A 1920s Hudson cinema reborn as the town's most quietly confident hotel. Rivertown Lodge is a 27-room property on Warren Street — the long retail-and-restaurant spine that runs from the train station up to the sky — and it's the rare independent hotel whose interior architecture (by Workstead) is more talked about than its rate sheet.
It's owner-operated, on the smaller end of independent (owner group of one), and it sits inside the building lineage that explains why so many design hotels keep choosing Hudson: it was a movie theater, then a motor lodge, then a hotel, and the bones of all three are still there if you know where to look.
The setting
Hudson is two hours up the Taconic from New York City — the Amtrak from Penn Station takes about the same. Warren Street runs eight blocks from the river to the public square, and Rivertown Lodge sits a few blocks up from the station end. The walk to the train is ten minutes; the walk to Olana, the Frederic Church estate across the river, is a five-minute drive over the Rip Van Winkle Bridge.
Hudson's compact density is the point. The lodge is at one end of a continuous run of restaurants, bookstores, vintage and design shops, art galleries, and bars that occupy the full eight-block spine. Most of an itinerary here is on foot.
The building
The building was originally a cinema in the 1920s and later operated as a motor lodge — different eras of the same lot.
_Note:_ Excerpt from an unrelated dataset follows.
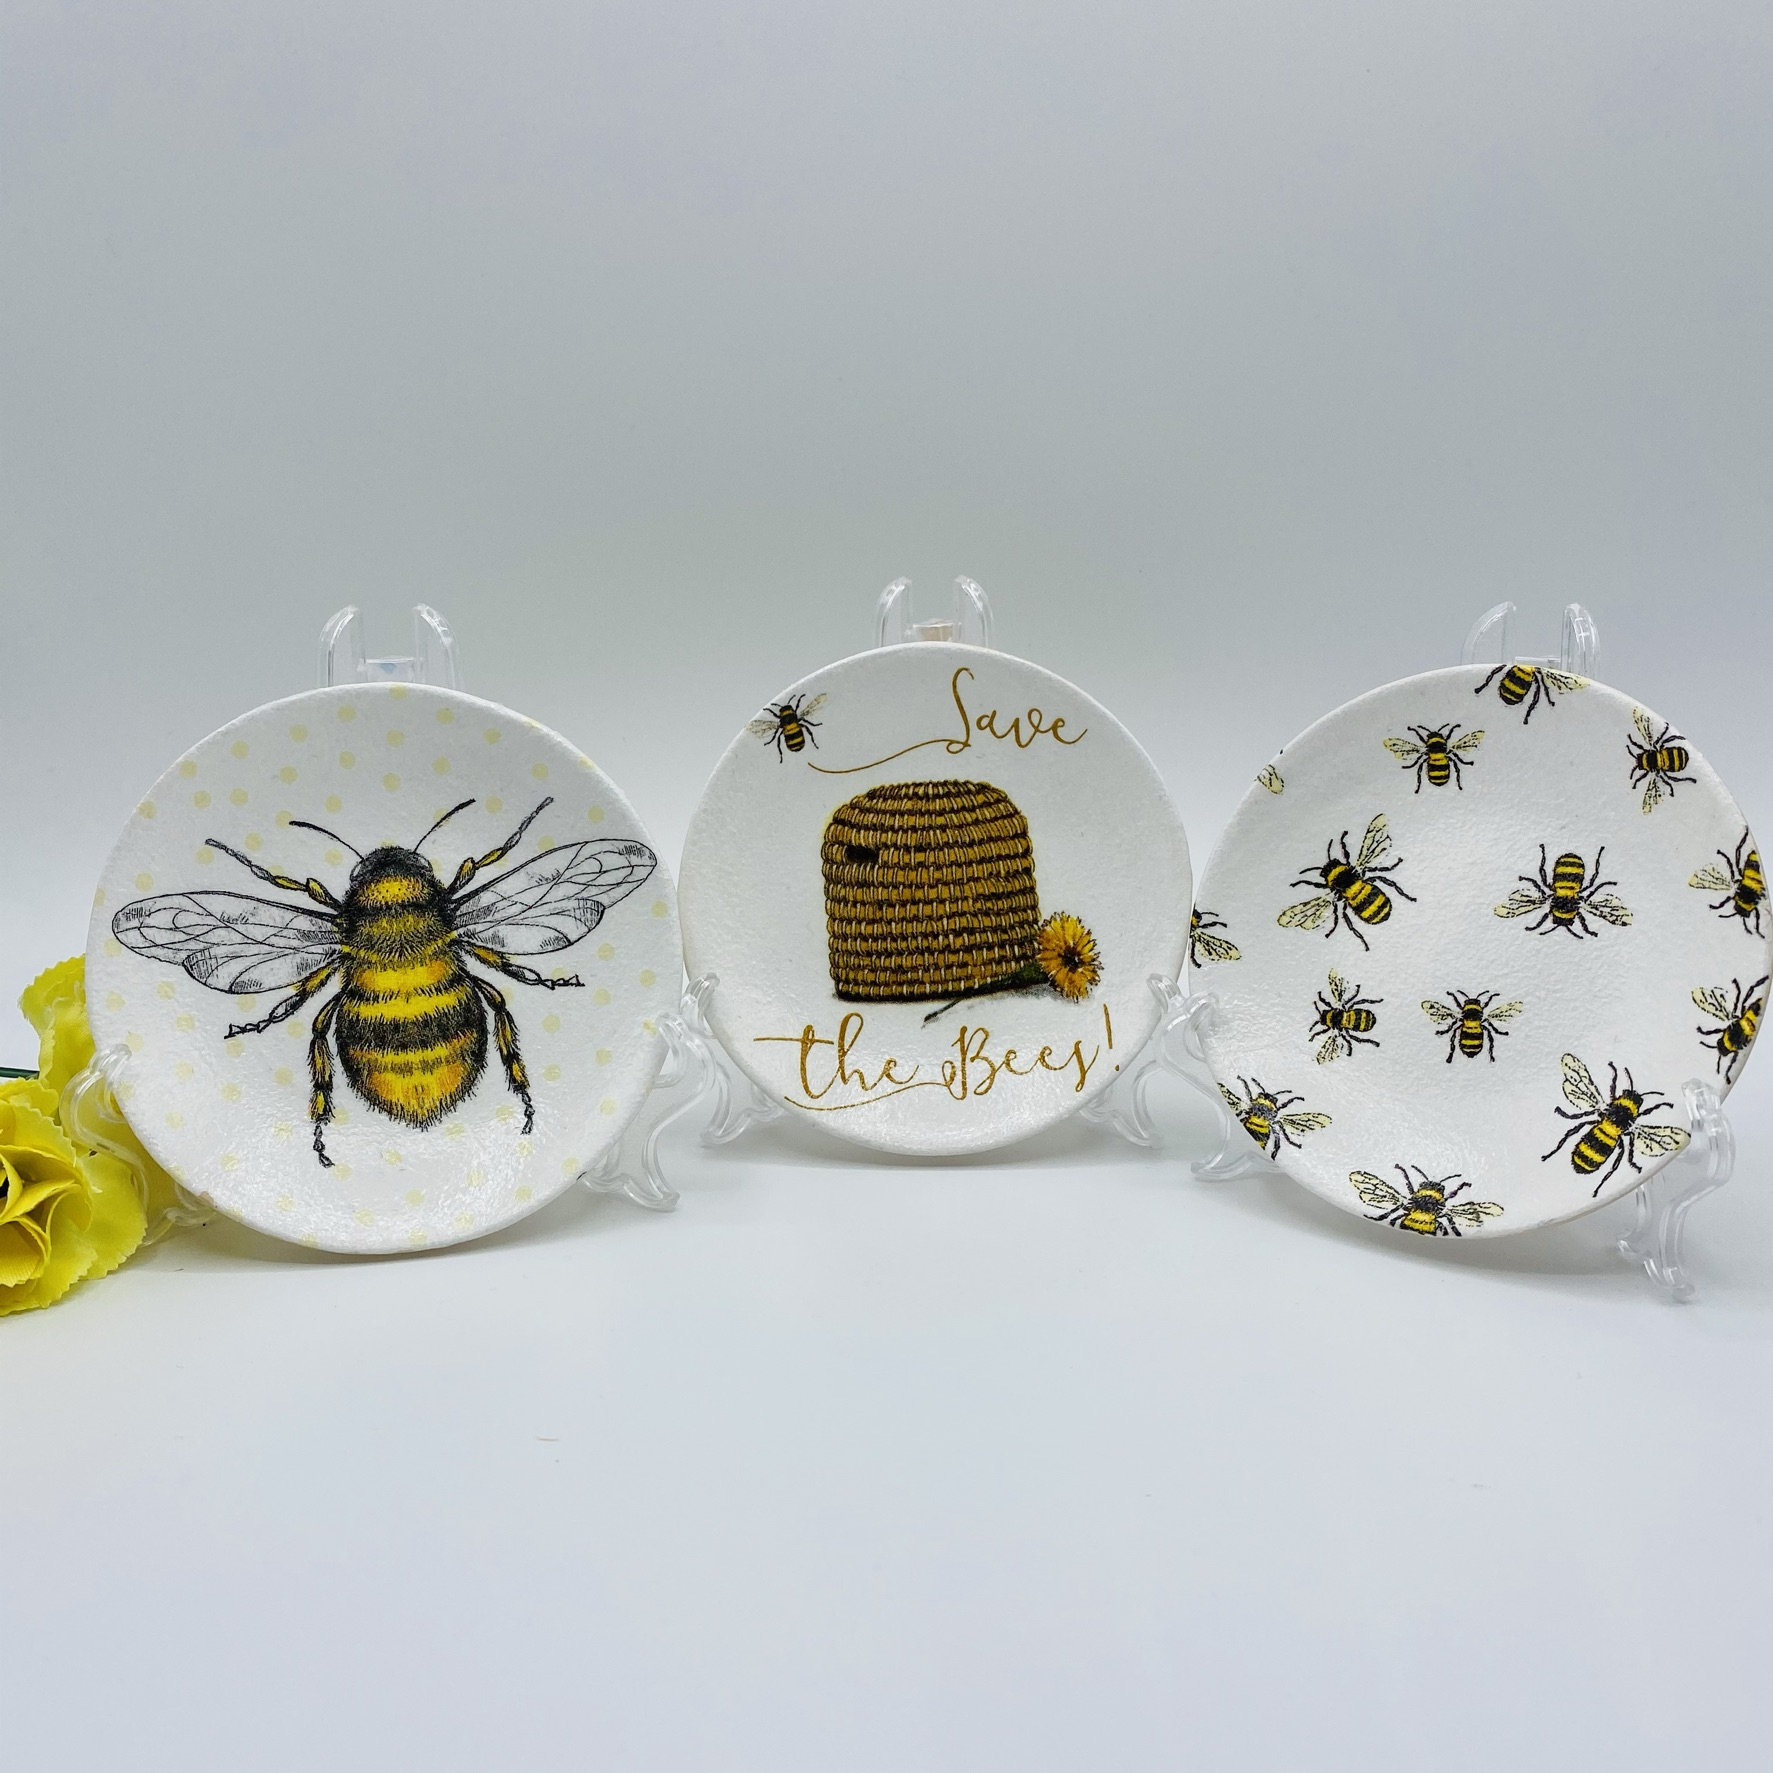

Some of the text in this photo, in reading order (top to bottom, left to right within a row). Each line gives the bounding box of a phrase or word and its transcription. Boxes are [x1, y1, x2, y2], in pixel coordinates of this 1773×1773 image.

[945, 667, 1089, 754] Save
[753, 1003, 1121, 1101] the Bees!
The Workstead-led conversion held onto the marquee-era proportions in the public spaces and the motel-era room arrangement around the courtyard, then layered in lime-washed oak, plaster walls, custom lighting, and a restrained palette of pine, wool, and brass.
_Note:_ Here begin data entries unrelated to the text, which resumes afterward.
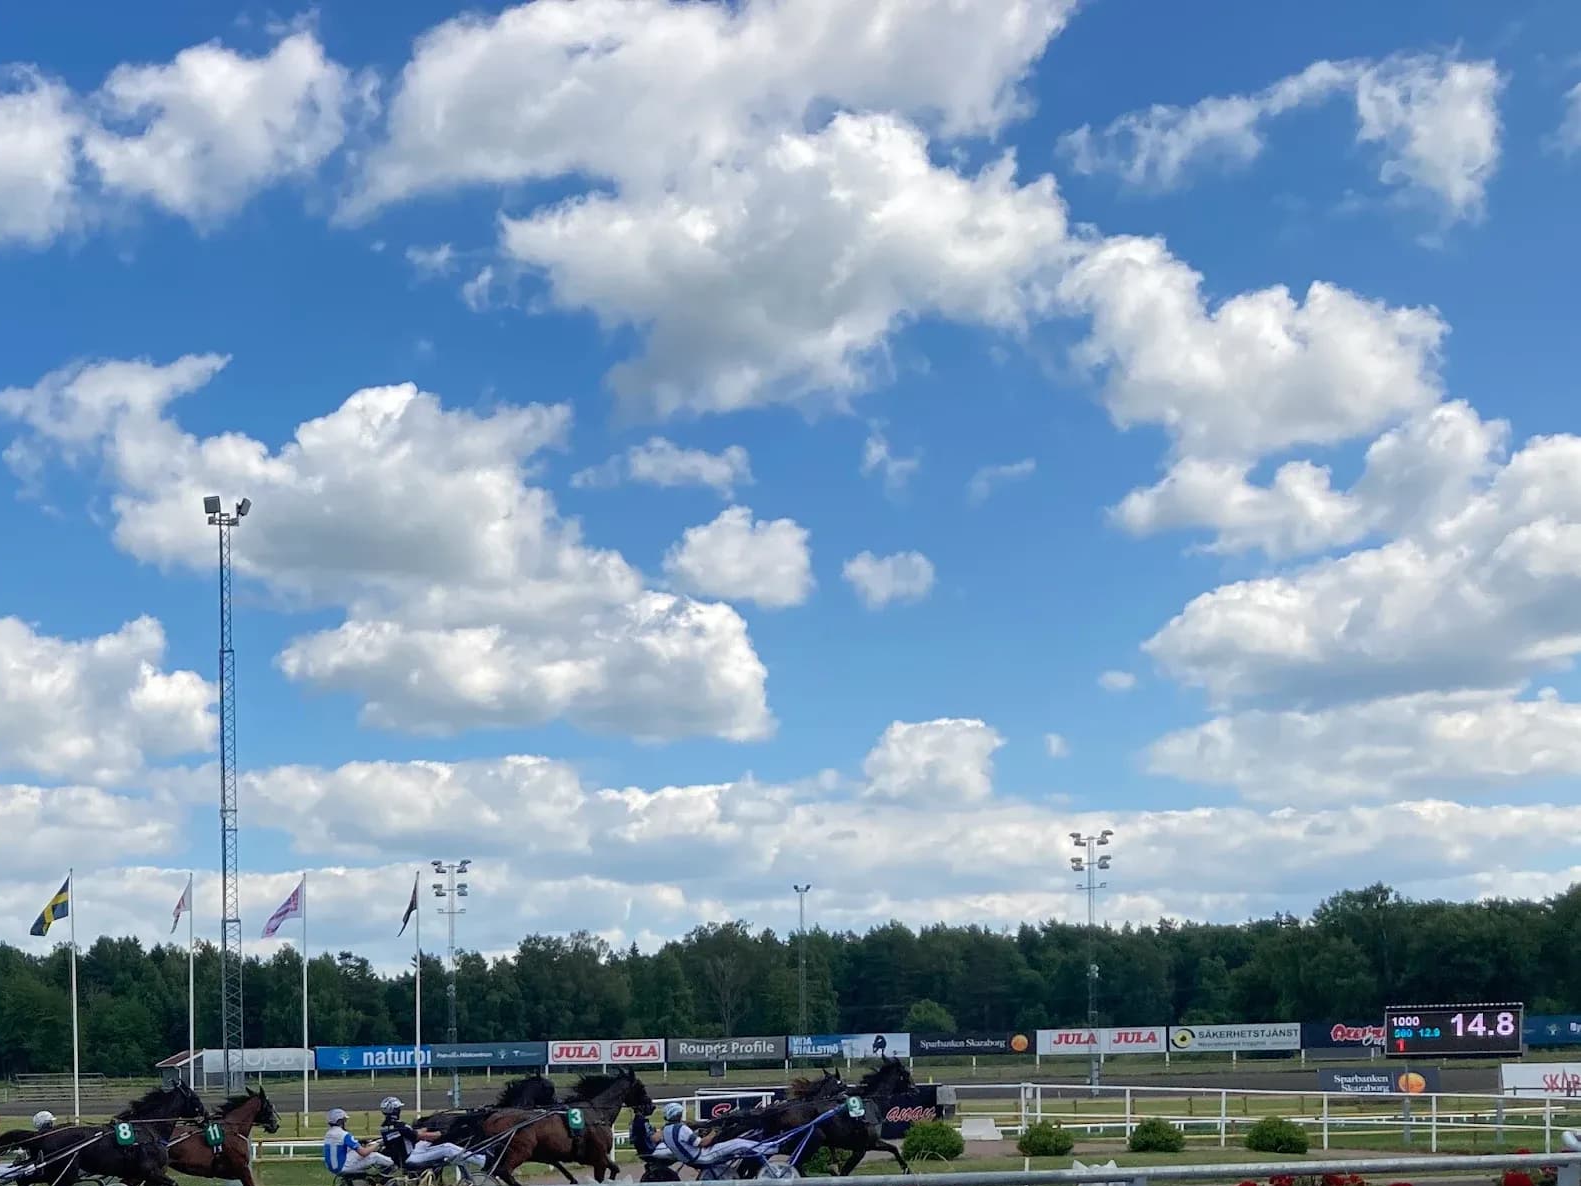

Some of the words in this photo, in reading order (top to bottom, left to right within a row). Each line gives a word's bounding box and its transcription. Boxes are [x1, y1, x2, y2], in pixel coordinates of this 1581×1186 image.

[1391, 1015, 1420, 1027] 1000
[1450, 1012, 1515, 1037] 14.8
[920, 1039, 965, 1050] Sparbanken
[966, 1038, 1007, 1049] Skaraborg
[1053, 1031, 1098, 1045] JULA
[1112, 1031, 1158, 1045] JULA
[554, 1045, 600, 1059] JULA
[613, 1044, 658, 1058] JULA
[731, 1040, 775, 1053] Profile
[1333, 1073, 1389, 1084] Sparbanken
[1340, 1082, 1390, 1093] Skaraborg
[848, 1096, 861, 1112] 9
[571, 1108, 583, 1123] 3
[118, 1122, 132, 1140] 8
[207, 1123, 222, 1140] 11
Public spaces are small and well-edited: a reception room with a wood stove, a lounge with a long communal table, and a courtyard that doubles as outdoor dining and lobby overflow in season. Workstead's hand is visible in the lighting and the furniture without anything tipping into design-magazine over-styling.
The rooms
Twenty-seven rooms across the main building and the courtyard wing. Bed configurations are mostly queens and kings with a handful of larger rooms; bathrooms are slim, well-detailed, and built around walk-in showers. Furnishings lean lime-washed oak, pine, and wool — quiet rather than statement-making. A few rooms have small terraces onto the courtyard. Rates start around $275 and climb on weekends.
Food & drink
A small restaurant operates at the lodge with a short, seasonal menu open to the public on a reservations basis. Breakfast for guests is included and served continental-plus in the lounge. Hudson's own restaurant scene is the larger draw: Lil' Deb's Oasis, Backbar, Talbott & Arding for picnics, Wm. Farmer & Sons for a longer dinner — all walkable from the front door.
On the property
The amenity set is intentionally small.
- Lounge with wood stove and communal table
- Courtyard with seasonal outdoor dining
- Bicycles for guest use
- Curated room-service-style provisions through the lounge
- Walk to the Hudson Amtrak station in ten minutes
- Open year-round
Who it's for
- New York City weekenders who'd rather take the train than drive
- Couples doing a Hudson Valley antiques-and-design weekend
- Architects and designers — Workstead's interiors are the pull
- Repeat Hudson visitors who've stayed at the larger Catskills properties and want the in-town option
Who it's not for
- Travelers who want a pool, spa, or full hotel-resort amenity stack
- Families needing connecting rooms and bunk-bed configurations
- Anyone whose ideal hotel has a 24-hour front desk and a concierge wall
Nearby
Olana, the Frederic Church Persian-fantasia estate, is a five-minute drive across the Rip Van Winkle Bridge — the standard half-day in the area. The Basilica Hudson — concert hall and event space — is at the river end of Warren. Talbott & Arding's specialty grocery is on Warren and the easiest way to feed a Hudson Valley road-trip cooler. Across the river, the Catskill Creek and the village of Catskill have their own restaurant run. For longer days out, Spencertown's Old Chatham creamery, Hancock Shaker Village, and Storm King are all within an hour. Lil' Deb's Oasis remains the dinner that defines the town.